18/11/2007

Le monde à l'épreuve du changement climatique

Le froid précoce de cette fin d'automne 2007 nous montre clairement la différence entre météo et climat. La météo c’est ce que nous vivons au quotidien alors que le climat est le contexte plus global. Autrement dit, la météo peut être rassurante et les perspectives climatiques non, et vice-versa!
Nous pouvons noter que les scénarios se resserrent autour de probabilités de moins en moins  contestables. Ce samedi le Groupe d’experts intergouvernemental sur le climat institué par l’OMM et les Nations Unies a publié ses constatations, de moins en moins incertaines et de plus en plus concrètes. Tout cela en vue de la conférence des parties de la convention sur le climat de Bali de ce mois de décembre. C'est en effet lors de cette rencontre que l'on devra mettre sur les rails Kyoto II.
Rappelons tout d'abord que la convention sur le climat des Nations unies est entrée en force en 1994, et que même d’aucuns font semblant de découvrir le thème, ce dernier est dans les agendas scientifiques et internationaux depuis maintenant 20 ans ! Cette convention, ratifiée également par les Etats-Unis, on l’oublie volontiers, affirme l'obligation pour chaque Etat partie de ramener ses émissions de gaz à effet de serre à un niveau supportable pour les équilibres économiques et écologiques. A ce sujet, plus aucun doute sur la convergence entre dommages écologiques et économiques n'est permis. Il suffit de penser aux coûts des dommages que va infliger le changement économique aux économies, notamment des pays qui sont les moins responsables dudit changement.

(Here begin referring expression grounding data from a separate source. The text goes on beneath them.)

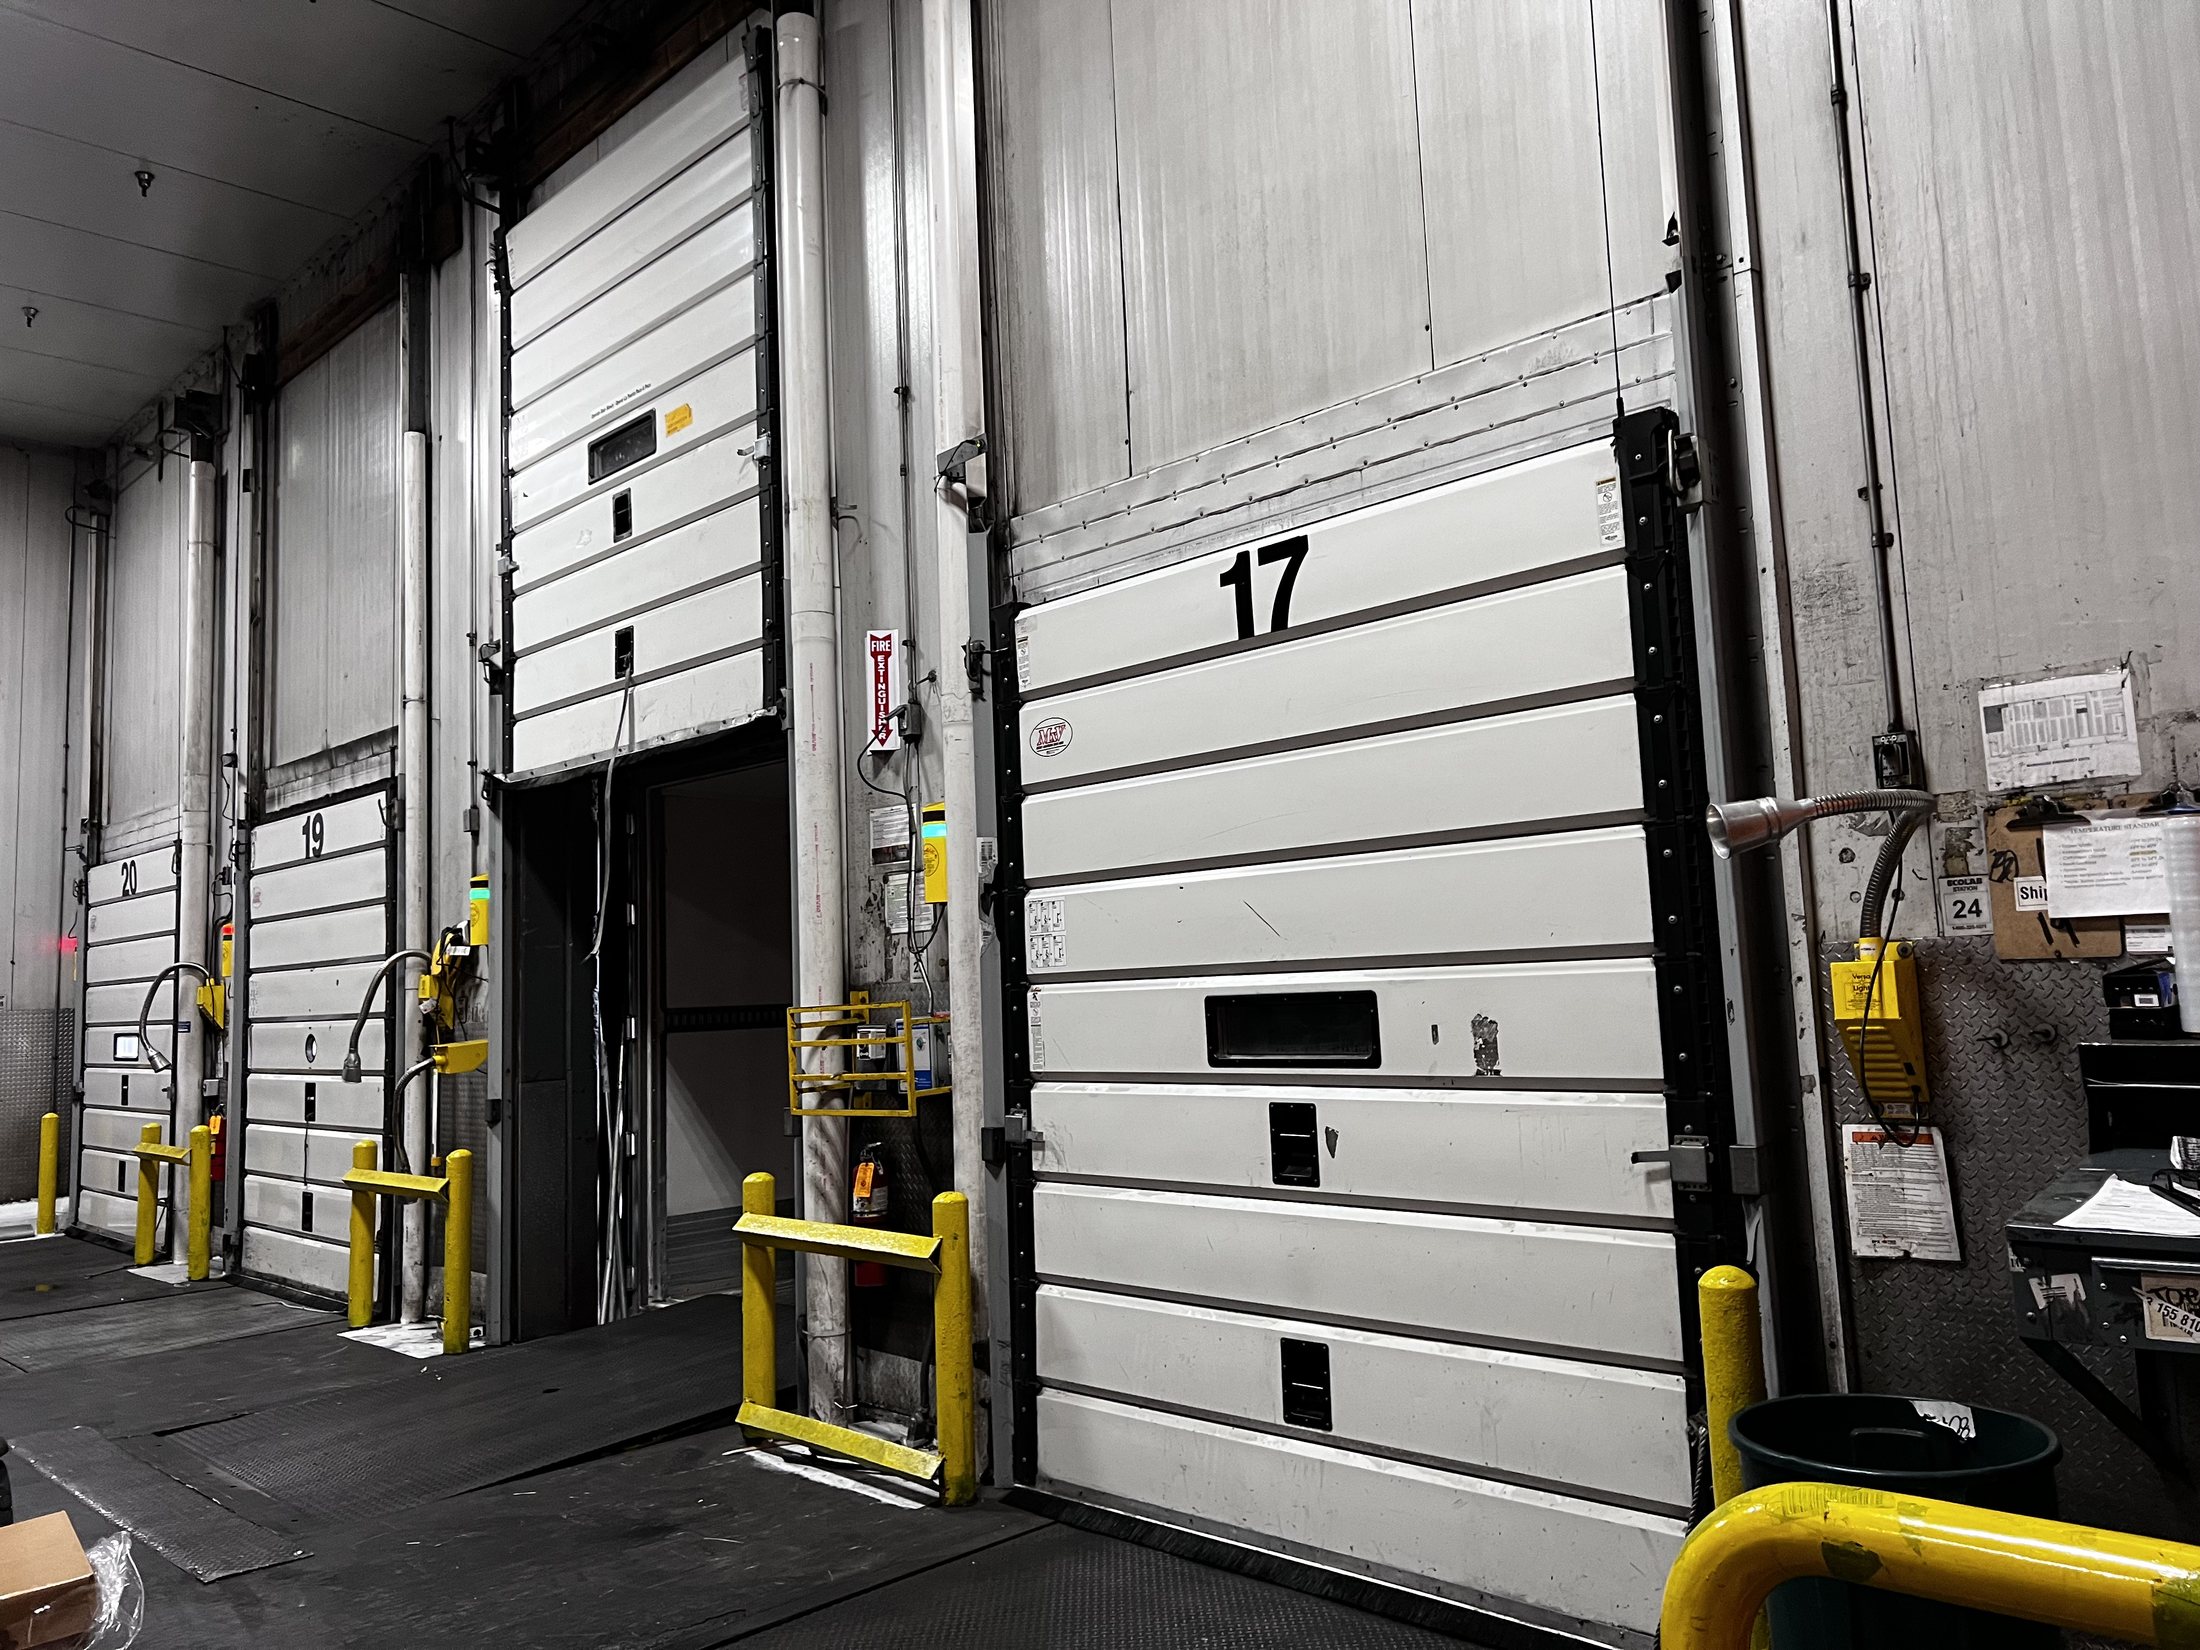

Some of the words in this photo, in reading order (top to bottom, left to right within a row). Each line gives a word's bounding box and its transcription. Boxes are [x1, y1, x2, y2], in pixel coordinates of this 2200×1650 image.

[1220, 534, 1309, 640] 17
[871, 640, 891, 652] FIRE
[302, 812, 324, 859] 19
[2070, 825, 2121, 834] TEMPERATURE
[121, 860, 137, 897] 20
[1946, 878, 1983, 887] ECOLAB
[1952, 898, 1982, 919] 24
[2157, 1303, 2179, 1320] 155

L'apport du Protocole de Kyoto, entré finalement en vigueur en 2005, est l'engagement pris par les pays industrialisés parties (et là les Etats-Unis de Bush ont refusé de poursuivre dans la voie du protocole négocié par un certain Al Gore!), de réaliser de premiers objectifs de réduction. Les effets de ce protocole sont tout relatifs, néanmoins il a fini par imposer le débat sur des cibles de réduction. Et pour le moyen terme, peu à peu une réduction d’émissions d’un facteur 3 ou 4 a été articulée par des chercheurs et reprise par divers gouvernements, à atteindre d’ici 2050.

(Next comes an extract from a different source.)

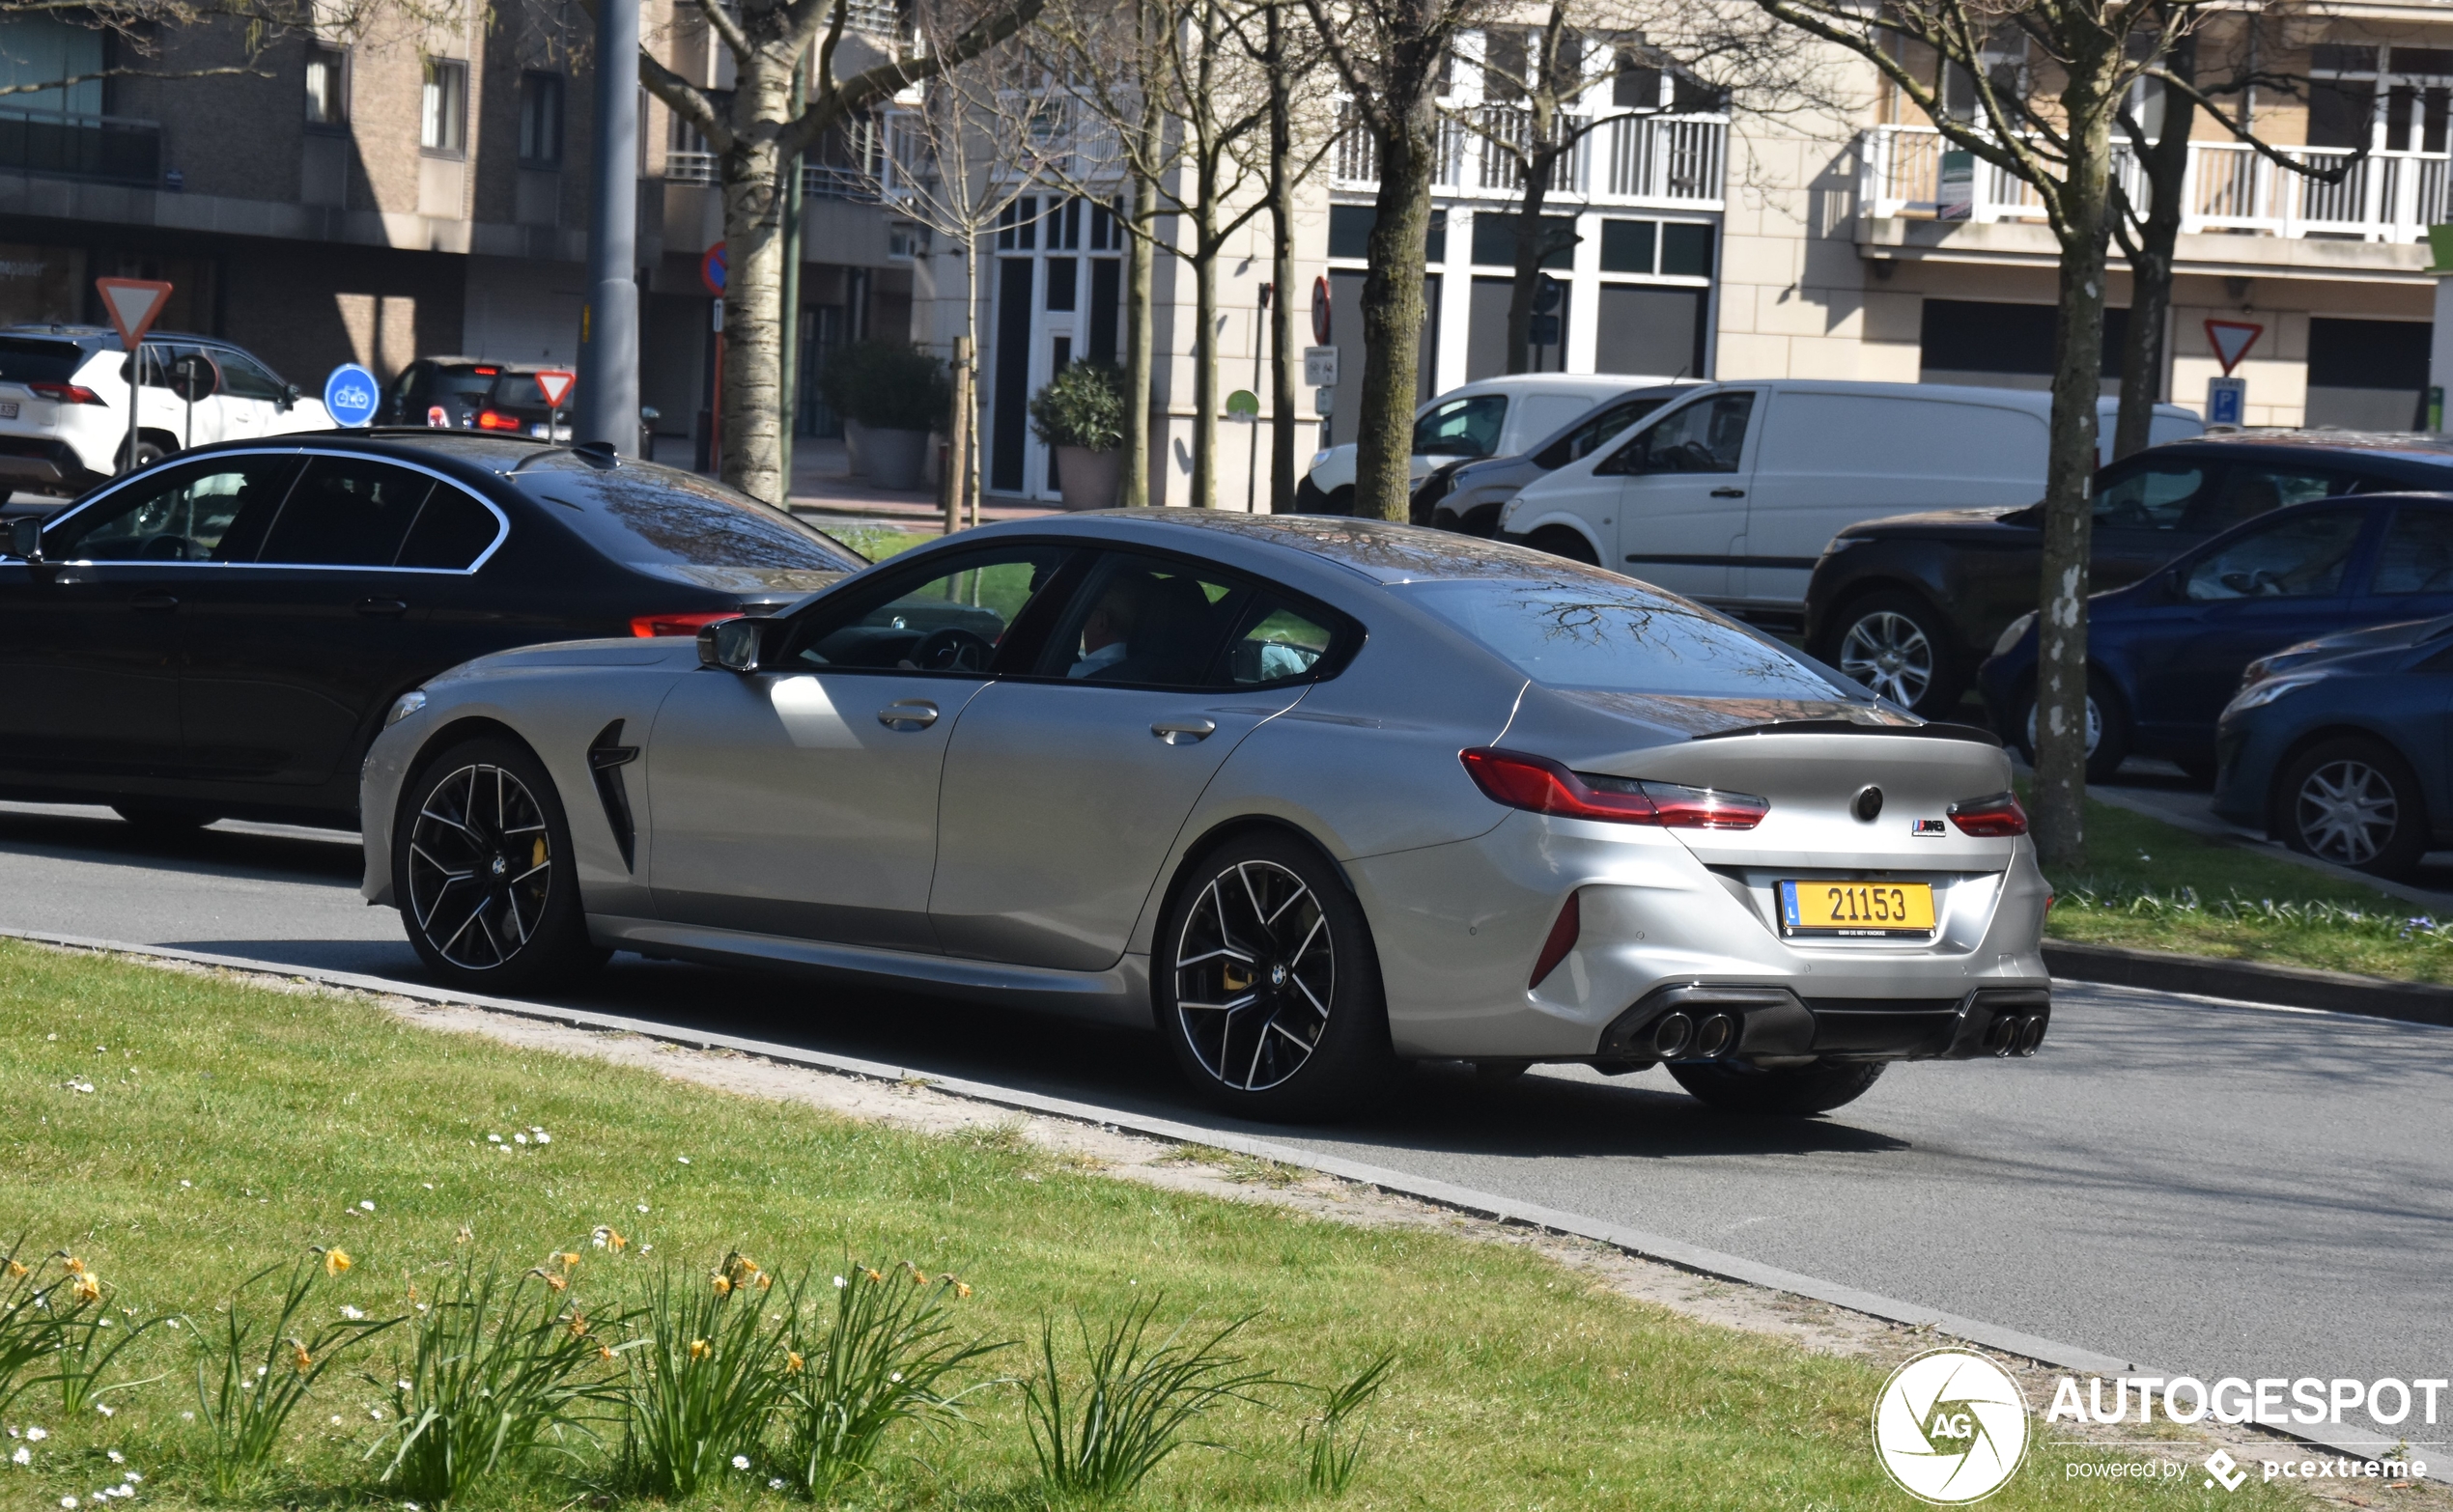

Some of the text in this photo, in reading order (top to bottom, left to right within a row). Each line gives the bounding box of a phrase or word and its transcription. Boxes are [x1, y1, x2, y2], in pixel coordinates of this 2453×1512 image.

[2220, 392, 2233, 409] P
[1789, 887, 1906, 921] L 21153

Kyoto II doit maintenant impliquer les pays émergents, et sur ce point on ne peut pas rejeter la position américaine. Il serait en effet aberrant et irresponsable que les réductions obtenues dans le Nord soient annulées par la généralisation planétaire de nos erreurs techniques et de comportement. En effet, si chaque habitant de la Terre voulait gaspiller comme l'Américain moyen, il faudrait 6 planètes! Ainsi, Kyoto II doit baliser la voie vers cette société à 2000 Watts qui représente à la fois notre consommation des années 60 et la consommation moyenne mondiale actuelle.
Le projet Novatlantis développé par les EPF démontre la faisabilité de cet objectif, et illustre bien le lien entre mobilité, énergie et gestion du territoire. C'est en effet la répartition des fonctions sur ce dernier, le lien entre urbanisation et desserte en transports publics, la densification qualitative et la réhabilitation des univers suburbains (immeubles en barres, quartiers formatés pour l'automobile, ensembles pavillonnaires) qui détermineront la possibilité d'aller de l'avant.

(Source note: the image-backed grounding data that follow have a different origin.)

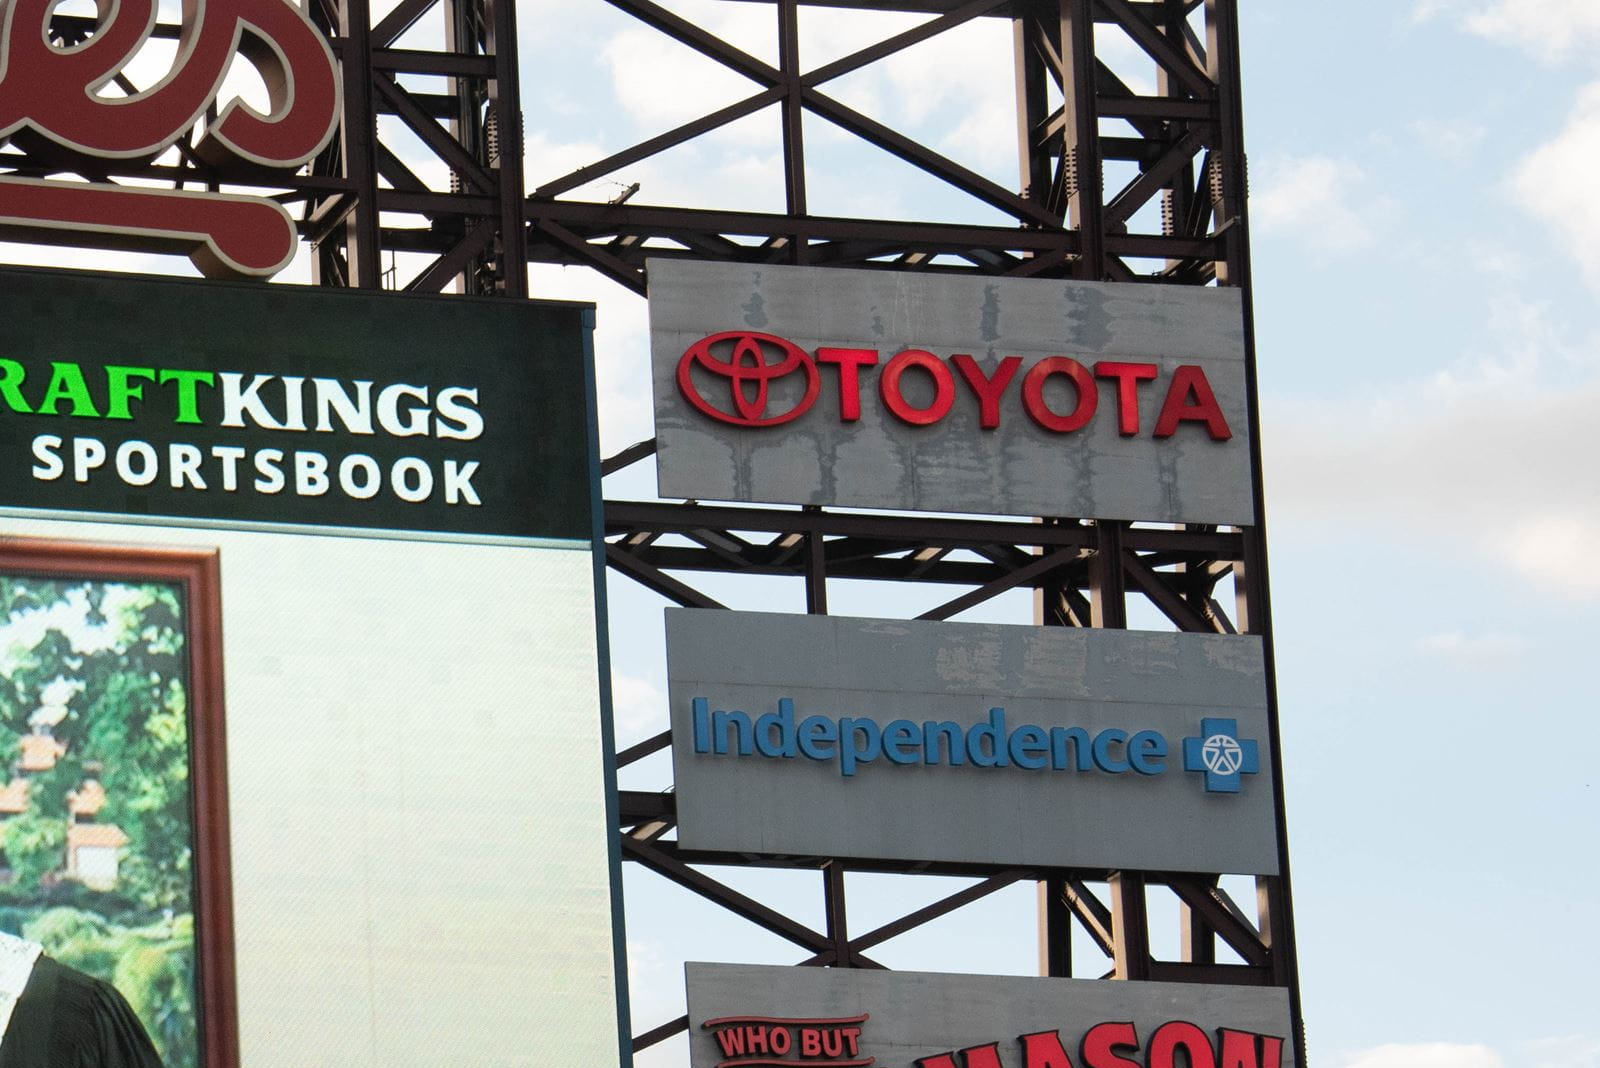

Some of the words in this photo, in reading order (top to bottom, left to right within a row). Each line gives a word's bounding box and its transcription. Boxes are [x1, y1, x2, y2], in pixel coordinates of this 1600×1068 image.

[814, 347, 1232, 441] TOYOTA
[31, 433, 482, 506] SPORTSBOOK
[692, 697, 1168, 776] Independence
[714, 1026, 791, 1058] WHO
[801, 1026, 861, 1059] BUT

En rester à une optimisation prudente des performances des objets (de l'ordinateur à la voiture en passant par l'habitat) se révèle un travail de Sysiphe, tant qu'on n'aura pas mis en œuvre une approche qui joue sur tous les facteurs simultanément et non séparément, et qui permette d'éviter cet « effet de rebond » qui engloutit les bénéfices obtenus au fur et à mesure. En effet, les véhicules consomment moins et émettent moins de rejets; mais on roule beaucoup plus et il y a beaucoup plus de véhicules! Et si minergie se répand, l’appliquer avant tout aux nouvelles villas disséminées sur le plateau suisse condamne celles-ci au mieux à compenser la dépense énergétique nécessaire pour s'y rendre en voiture!